La via di mezzo tra bene e male

La via di mezzo tra bene e male

Prima brutta partita del Bologna in campionato e la piazza inizia a dividersi: quando le cose vanno bene è facile trovarsi d’accordo, ma è quando vanno male che la situazione cambia

di Manuel Minguzzi, @manuel_minguzzi

Primi Processi

E’ bastata una settimana, anzi una brutta partita, per aprire i primi processi in salsa rossoblù. Chiaro, nulla di definitivo e inappellabile, ma le prime crepe nell’opinione pubblica iniziano a riemergere. La partita di Udine ha dato linfa ai più scettici, soprattutto a coloro che avevano puntato il dito sugli acquisti difensivi e sui non acquisti offensivi.

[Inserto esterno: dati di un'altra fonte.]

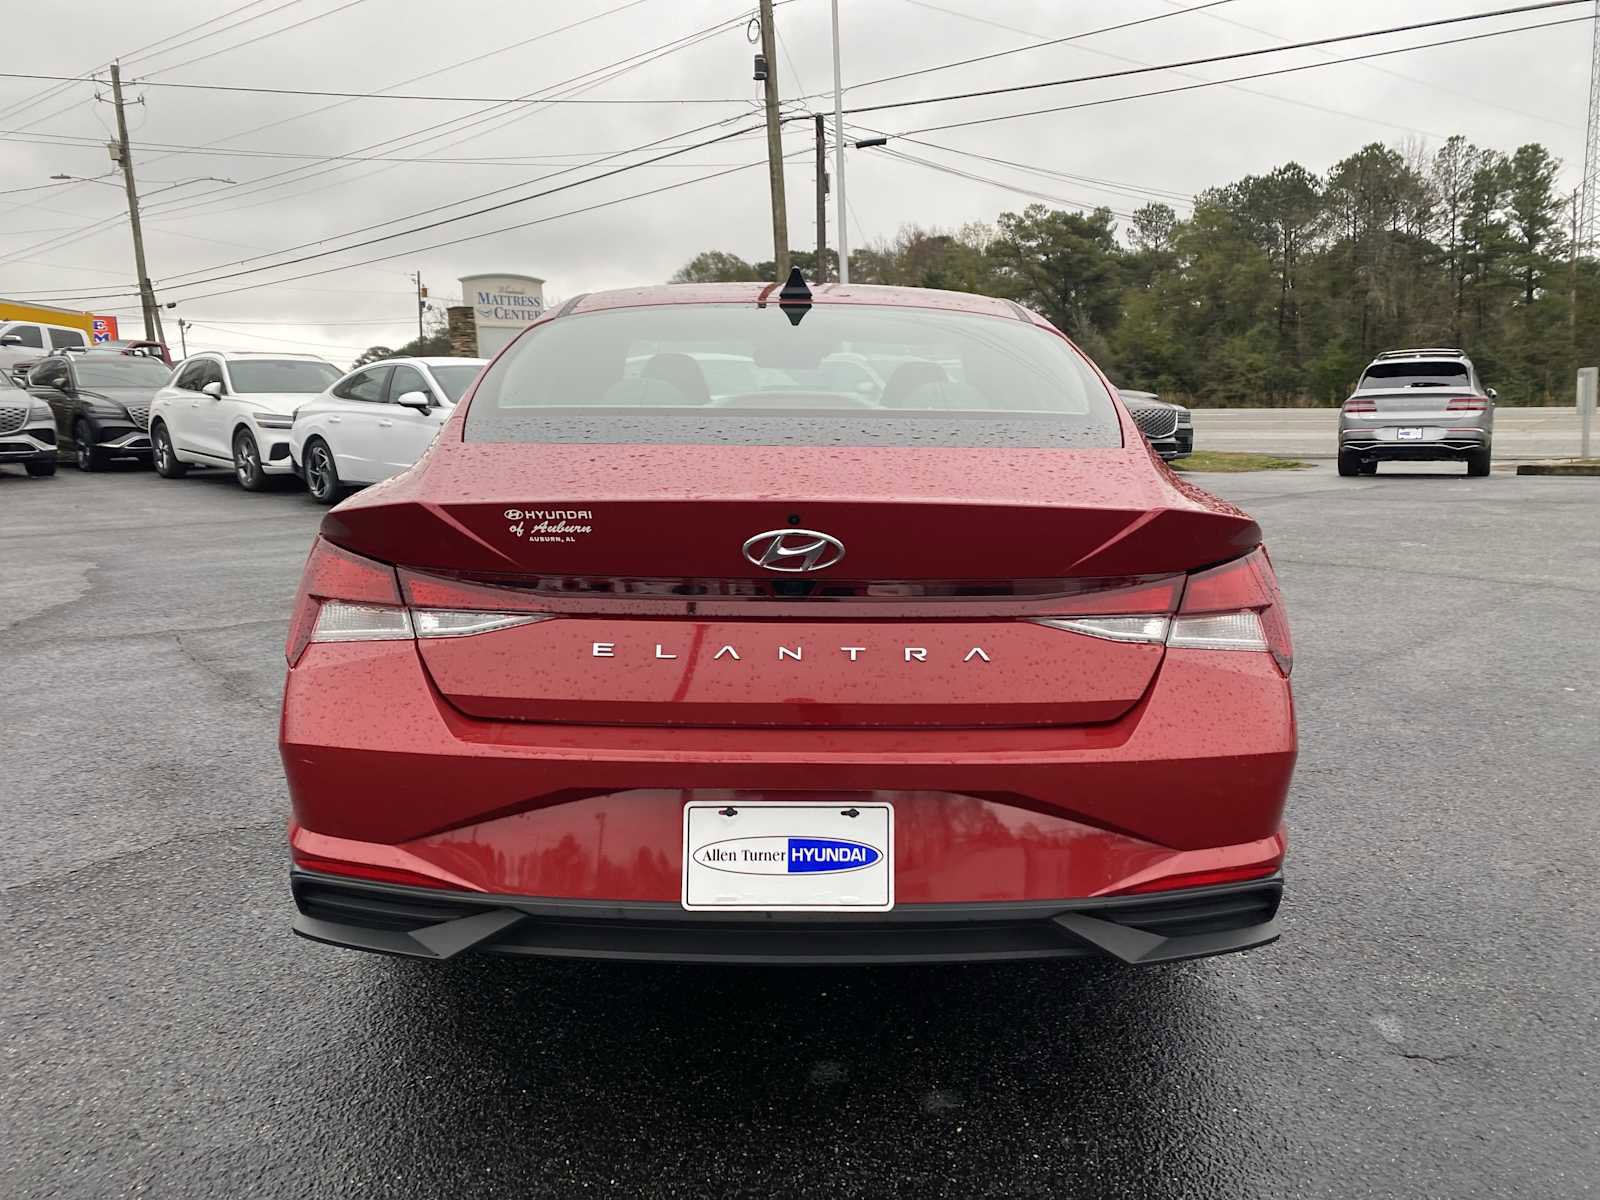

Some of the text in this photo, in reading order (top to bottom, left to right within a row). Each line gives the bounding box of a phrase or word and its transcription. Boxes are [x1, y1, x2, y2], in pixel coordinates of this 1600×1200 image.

E’ bastata una partita contro una squadra molto adatta a sporcare il gioco per passare dalle stelle alle stalle, senza mai trovare un punto di equilibrio che, nel caso del Bologna, può essere la classica via di mezzo. La squadra allestita in estate non è da Europa, ma non è nemmeno traballante in Serie A e indirizzata verso una strenua lotta salvezza. Si potrebbe addirittura pensare che le prime sei partite abbiano portato il Bologna nei suoi ranghi, che sono quelli di metà classifica. Lì probabilmente saremo destinati a restare, e se nelle prime tre giornate abbiamo preso punti importanti, e per certi versi insperati (sotto tre a uno a Brescia, il gol vittoria allo scadere di Soriano con la Spal), le successive tre sfide ci hanno privato di altrettanti punti, quasi come a compensare la situazione.